HOA Insurer
LimitsNegotiable

Actual cash value roof endorsement

What this clause says

Notwithstanding the replacement cost valuation otherwise applying to the insured buildings, loss or damage to roof surfacing shall be adjusted on an actual cash value basis, with a deduction for depreciation determined by the age, type, and condition of the roof covering at the time of loss, in accordance with the roof payment schedule stated in the declarations.
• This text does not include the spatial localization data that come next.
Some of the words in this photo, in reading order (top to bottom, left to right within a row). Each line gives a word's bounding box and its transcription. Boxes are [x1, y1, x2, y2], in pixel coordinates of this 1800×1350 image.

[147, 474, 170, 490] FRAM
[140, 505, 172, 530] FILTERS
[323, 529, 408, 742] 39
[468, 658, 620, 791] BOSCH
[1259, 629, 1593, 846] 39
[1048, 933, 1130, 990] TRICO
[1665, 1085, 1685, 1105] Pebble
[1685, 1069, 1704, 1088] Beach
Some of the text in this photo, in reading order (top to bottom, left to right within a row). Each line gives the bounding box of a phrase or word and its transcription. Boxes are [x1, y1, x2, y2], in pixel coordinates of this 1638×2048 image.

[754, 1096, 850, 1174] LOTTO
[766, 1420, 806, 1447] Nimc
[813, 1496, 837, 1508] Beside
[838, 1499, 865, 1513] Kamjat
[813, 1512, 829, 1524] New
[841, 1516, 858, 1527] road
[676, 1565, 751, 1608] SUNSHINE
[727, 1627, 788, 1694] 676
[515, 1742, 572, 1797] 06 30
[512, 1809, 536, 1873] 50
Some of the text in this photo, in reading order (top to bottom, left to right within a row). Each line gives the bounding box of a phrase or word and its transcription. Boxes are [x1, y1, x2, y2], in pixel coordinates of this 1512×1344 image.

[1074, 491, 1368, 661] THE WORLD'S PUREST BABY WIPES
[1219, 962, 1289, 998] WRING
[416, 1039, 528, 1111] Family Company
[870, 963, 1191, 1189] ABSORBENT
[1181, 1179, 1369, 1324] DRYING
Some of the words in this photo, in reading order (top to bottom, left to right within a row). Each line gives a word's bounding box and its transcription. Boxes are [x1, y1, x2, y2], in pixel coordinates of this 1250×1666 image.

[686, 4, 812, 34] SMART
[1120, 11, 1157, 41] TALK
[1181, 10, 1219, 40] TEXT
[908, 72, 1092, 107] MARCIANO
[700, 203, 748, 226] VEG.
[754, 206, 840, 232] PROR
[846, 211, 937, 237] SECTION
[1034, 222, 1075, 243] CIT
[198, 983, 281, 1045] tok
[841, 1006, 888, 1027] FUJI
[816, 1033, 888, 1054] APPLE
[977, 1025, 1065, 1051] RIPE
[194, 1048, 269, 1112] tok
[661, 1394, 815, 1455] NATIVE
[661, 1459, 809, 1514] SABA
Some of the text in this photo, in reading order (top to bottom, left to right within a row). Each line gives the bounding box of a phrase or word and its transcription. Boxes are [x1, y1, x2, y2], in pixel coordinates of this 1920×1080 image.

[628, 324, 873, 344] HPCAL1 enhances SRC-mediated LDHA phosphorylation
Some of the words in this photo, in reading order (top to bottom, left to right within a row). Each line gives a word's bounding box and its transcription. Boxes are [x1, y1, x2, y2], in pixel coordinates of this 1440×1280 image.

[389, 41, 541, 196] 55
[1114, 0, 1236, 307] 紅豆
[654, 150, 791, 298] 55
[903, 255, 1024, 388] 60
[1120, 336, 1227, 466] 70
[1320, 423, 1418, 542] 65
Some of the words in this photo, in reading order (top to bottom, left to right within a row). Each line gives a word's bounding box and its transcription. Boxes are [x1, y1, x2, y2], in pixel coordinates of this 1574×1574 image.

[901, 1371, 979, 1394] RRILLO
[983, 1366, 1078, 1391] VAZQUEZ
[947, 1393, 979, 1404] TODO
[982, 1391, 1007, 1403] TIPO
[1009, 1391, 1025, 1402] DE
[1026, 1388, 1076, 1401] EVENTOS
What this means in plain English

An actual cash value roof endorsement carves the roof out of the master policy's replacement cost valuation and settles roof claims on a depreciated basis instead. The rest of the building may still be insured at replacement cost, but a covered roof loss pays the roof's depreciated value, so an older roof settles for a fraction of what a new roof costs to install. Some versions use a fixed roof payment schedule that steps the recovery down by roof age and material, for example paying a declining percentage of replacement cost as the roof ages past a stated number of years. These endorsements spread through hard property markets, where carriers facing heavy roof and wind losses attach them to keep writing older communities at all rather than declining or non-renewing them outright.

What it means for an HOA board

This is the coverage cutback most likely to be missed until a storm turns it into a special assessment. A board reads replacement cost on the declarations and assumes the roof is covered like the rest of the building, then a hail or wind loss settles at depreciated value and the community funds the gap between the depreciated payout and the real cost of a new roof. That gap on a large multi-building community can run well into six figures. There is also a warrantability tension worth understanding. The Fannie Mae Selling Guide (section B7-3, Property and Flood Insurance) requires the master policy to insure the buildings at one hundred percent of replacement cost for a conventional loan on a unit to be warrantable, and a roof scheduled at actual cash value cuts against that standard. Whether a given endorsement crosses the line depends on how it is written and how the reviewing lender reads it, so pull the endorsement, price the depreciated shortfall on your actual roof ages, and confirm with lender review before assuming the placement is clean.

Program notes

In a soft market a full replacement cost roof is standard and this endorsement is worth pushing back on hard. In a hard property market on an older or coastal community, a roof scheduled at actual cash value is sometimes the price of coverage being available at all, the same dynamic that drives percentage wind deductibles. Where the endorsement cannot be removed outright, there is often room to negotiate the terms rather than the presence: a longer schedule before depreciation bites, a roof payment schedule instead of pure actual cash value, or a buy-back tied to a recent roof replacement or an engineering report on remaining roof life. Ask the roof's age and material first, because that is what the carrier is pricing, and treat the depreciated shortfall as a reserve and assessment question for the board, not just a coverage term for the agent.